* The problem *
Restate the following records word for word without images.

* Material provided *
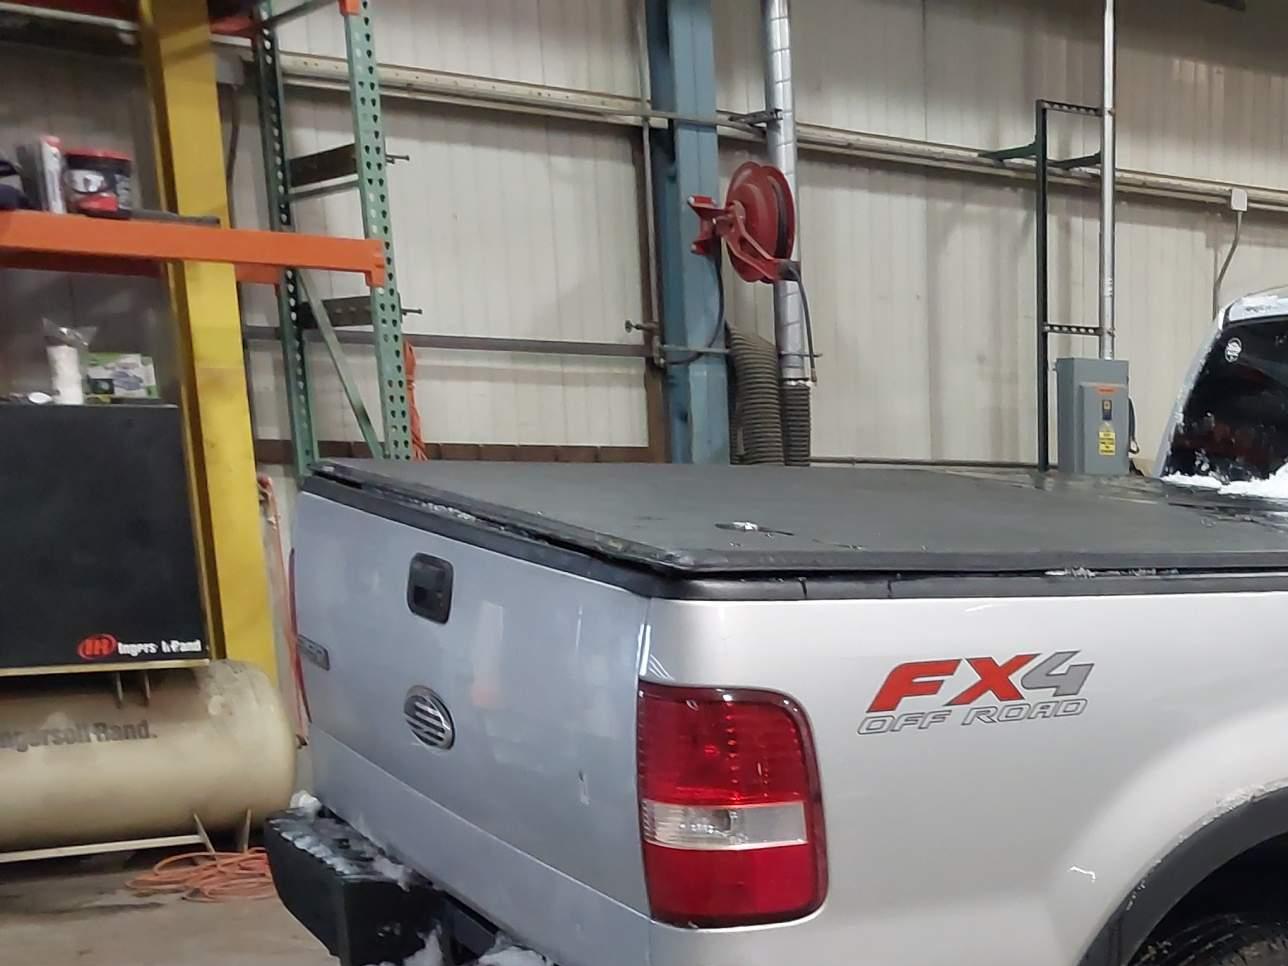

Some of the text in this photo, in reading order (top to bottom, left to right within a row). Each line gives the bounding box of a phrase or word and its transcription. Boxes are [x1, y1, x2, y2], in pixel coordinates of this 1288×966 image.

[117, 640, 171, 657] Ingersll
[865, 650, 1095, 714] FX4
[856, 698, 1089, 736] OFF ROAD
[0, 723, 91, 753] ngersoll
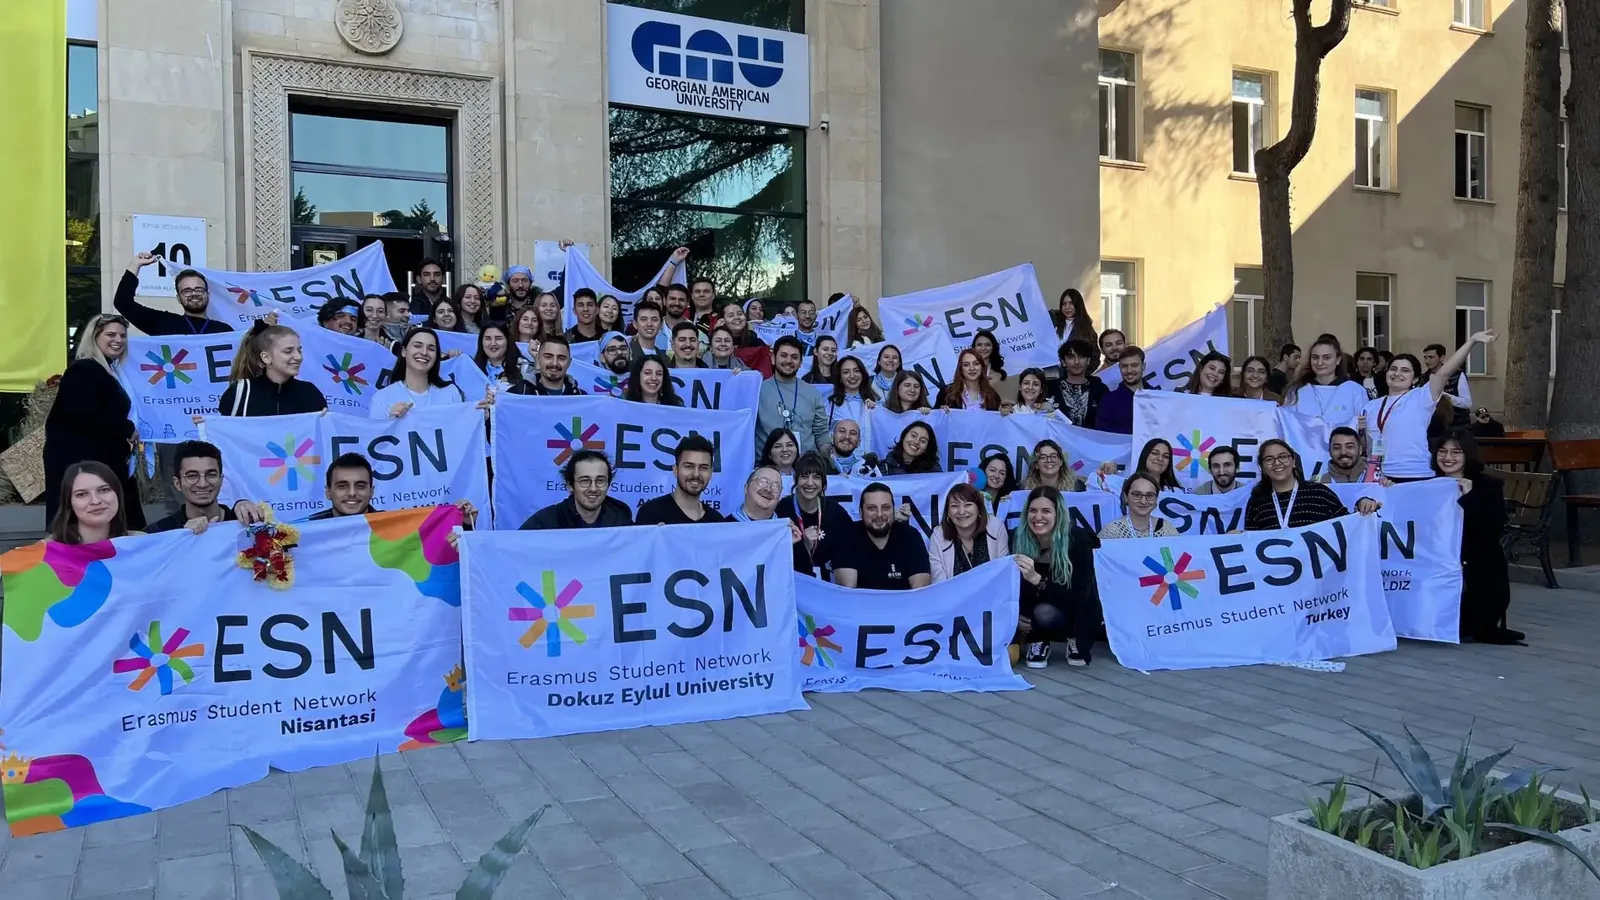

* Your response *
Some of the text in this photo, in reading order (top to bottom, left to right within a row). Each line gives the bounding box of a phrase or word and its transcription. Boxes are [x1, y1, x2, y2], in pixel coordinates of this 1288×966 image.

[117, 640, 171, 657] Ingersll
[865, 650, 1095, 714] FX4
[856, 698, 1089, 736] OFF ROAD
[0, 723, 91, 753] ngersoll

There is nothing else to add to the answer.